Notwithstanding, gallant men and women of the Nigerian armed forces that have been battling the Boko Haram insurgency, under the most challenging of conditions, refuse to give up on any leads – even if it meant giving up their lives. There were reports of Nigerian soldiers being made to fight a well equipped enemy (Boko Haram) with substandard equipment and under morale damaging conditions. Here is a link to a CNN interview with some Nigerian soldiers in the frontline of the war against Boko Haram who tell a very bleak story about their experiences in the frontline. There were reports that soldiers pay out-of-pocket for kits they use in the war against Boko Haram, including having to be responsible for treatments of injuries sustained in the war front. Many soldiers died (including friends of mine and people I knew from university days) living behind families and loved ones. Some even died not being sure of what exactly they were fighting for as there was a lot of inconsistencies at the early periods about the truth of the abduction, something the then Nigerian government did not do much to help.
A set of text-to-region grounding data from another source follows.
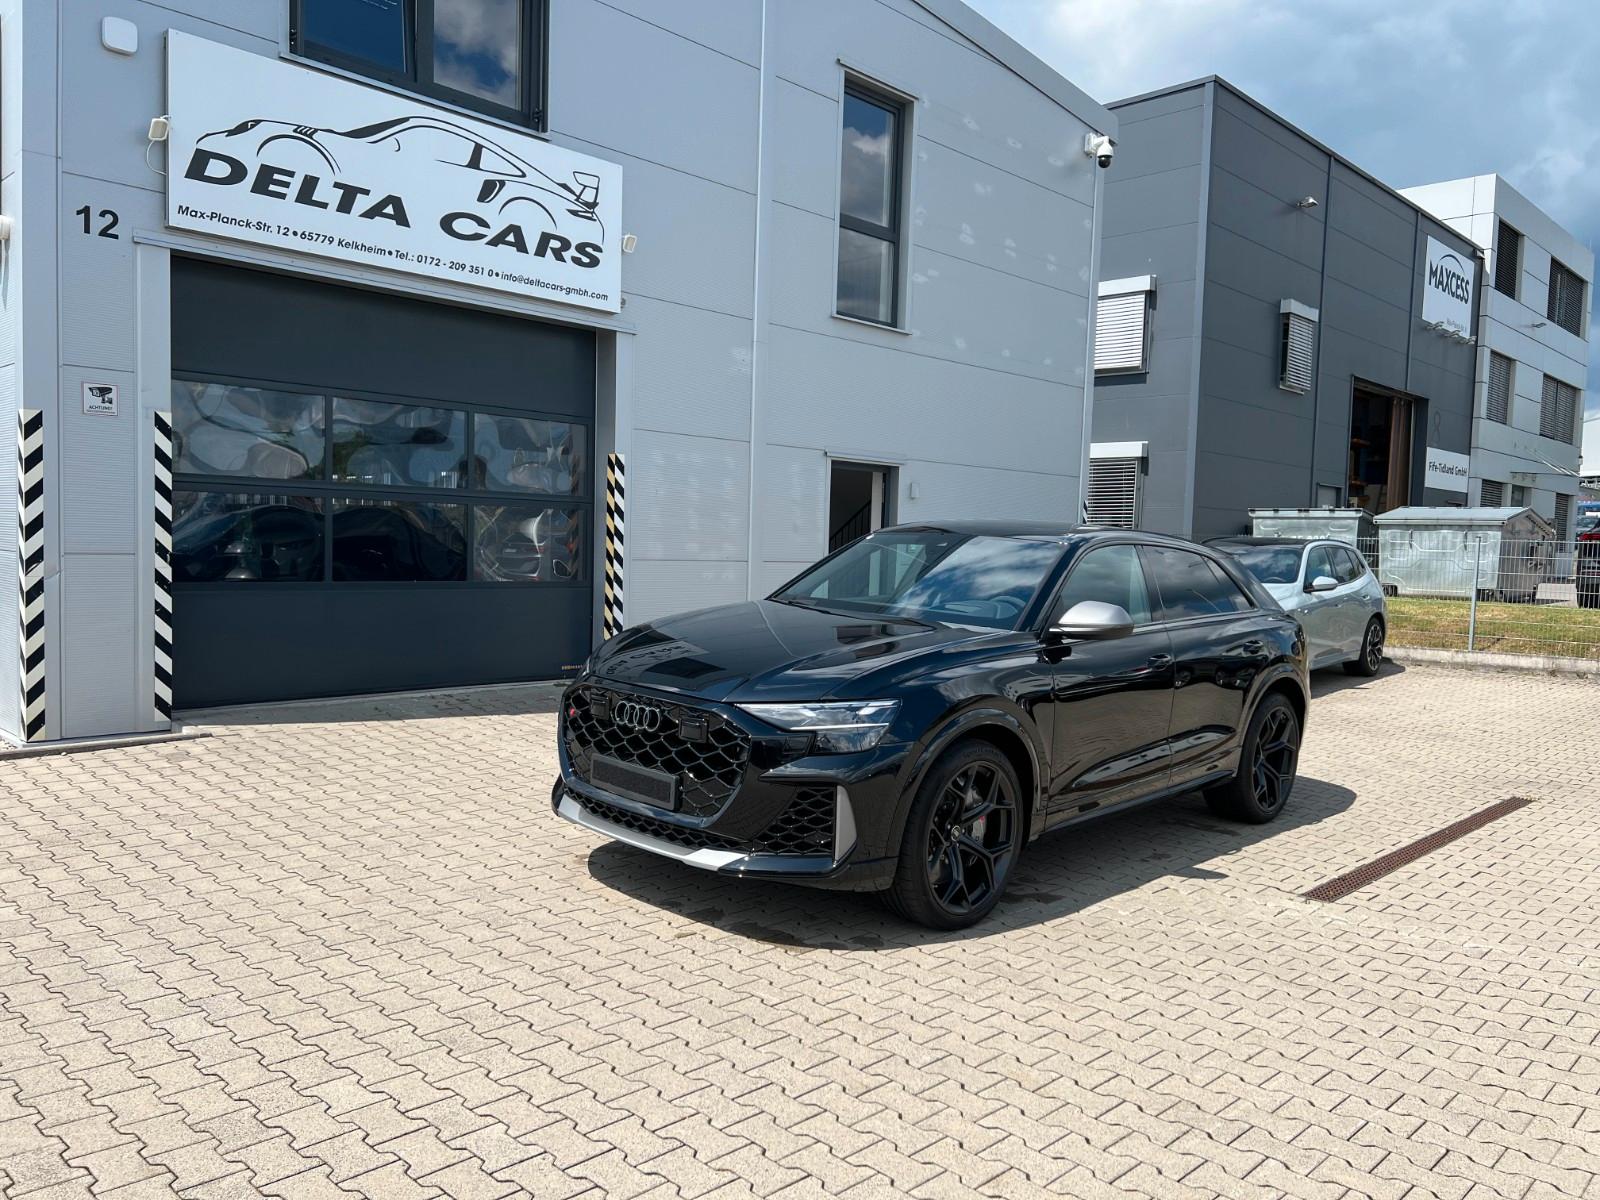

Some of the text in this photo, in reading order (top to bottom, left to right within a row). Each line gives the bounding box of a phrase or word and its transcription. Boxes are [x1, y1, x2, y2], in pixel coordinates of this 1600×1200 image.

[76, 205, 119, 240] 12
[184, 148, 603, 268] DELTA CARS
[177, 205, 272, 233] Max-Planck-Str.
[276, 225, 290, 237] 12
[300, 231, 335, 245] 65779
[337, 238, 386, 256] Kelkheim
[416, 254, 441, 267] 0172
[448, 260, 466, 272] 209
[468, 264, 485, 276] 351
[501, 272, 609, 302] info@deltacars-gmbh.com
[1428, 260, 1470, 304] MAXCESS
[1428, 461, 1468, 477] Fife-Tidland GmbH
We saw horrific videos and pictures of Nigerian soldiers who were murdered in cold blood by the terror group Boko Haram and we wondered if at all any of the girls from Chibok will ever be found alive. If only one of these girls is identified and returned back alive, only then we can be sure of the truth about what could well be the most controversial story in Nigeria’s recent history. The return of one of the Chibok girls is also important for dispelling falsehood and mischief as some forces within the country are bent on ensuring this very tragic event remains in the shadows of doubt, only to be discussed on social media for cheap political points.
Days went by and soon days quickly turned into weeks and weeks into years, with nothing substantial heard concerning the whereabouts of the Chibok girls. Then, a few days ago, we have the first case of the return of one of the Chibok girls! I thought social meida, especially accounts of Nigerians, will be awash with praise for the gallant troops who have ensured this happened. I also assumed that Nigerians will, at the very least, unanimously join in the joy of the parents of Amina Ali to celebrate this great event. However, I have observed with shock how that in some quarters of the country some elements have again taken to social media to douse this incredible story by asking questions that are only relevant for destroying the credibility of the Chibok abduction.
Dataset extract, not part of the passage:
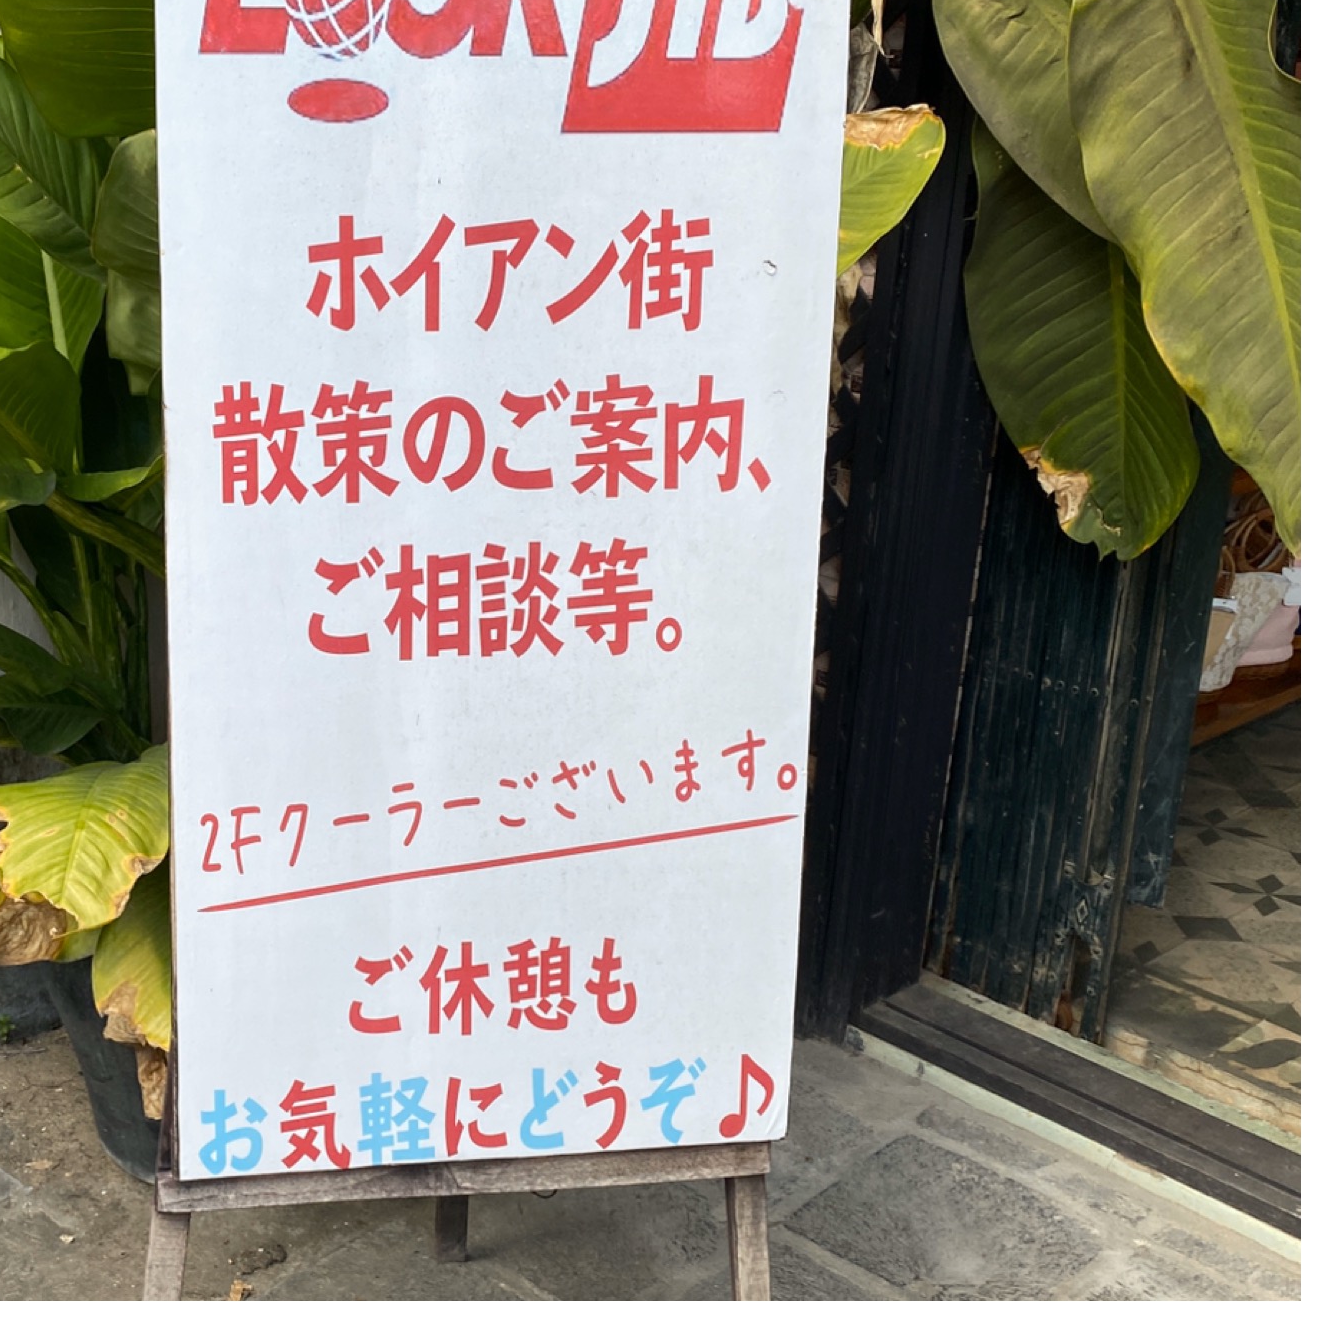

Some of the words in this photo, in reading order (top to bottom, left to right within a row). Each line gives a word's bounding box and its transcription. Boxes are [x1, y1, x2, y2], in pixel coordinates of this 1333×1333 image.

One thing remains clear though, the return of this Chibok girl, alive, remains a strong victory for the many Nigerian soldiers (and true heroes) who died trying to bring back these girls and restore peace to the North East of Nigeria. When I see pictures of Amina on social media, what I see is the many faces of true Nigerians (from all parts of the country) who paid the ultimate price for the freedom of this one Nigerian girl child from an ideology that should have no place in modern day Nigeria. I see the definition of true sacrifice in Amina and it is the sacrifice of our armed forces. The return of Amina signifies the victory of truth over falsehood and it is this very story that some disgruntled elements (in Nigeria) would wish was never told nor remembered. Rest in peace true heros of Nigeria as today we have a confirmation that your labours of love was never in vain. We hope and pray that as the days unfold, many parents in Chibok will see the return of their loved ones.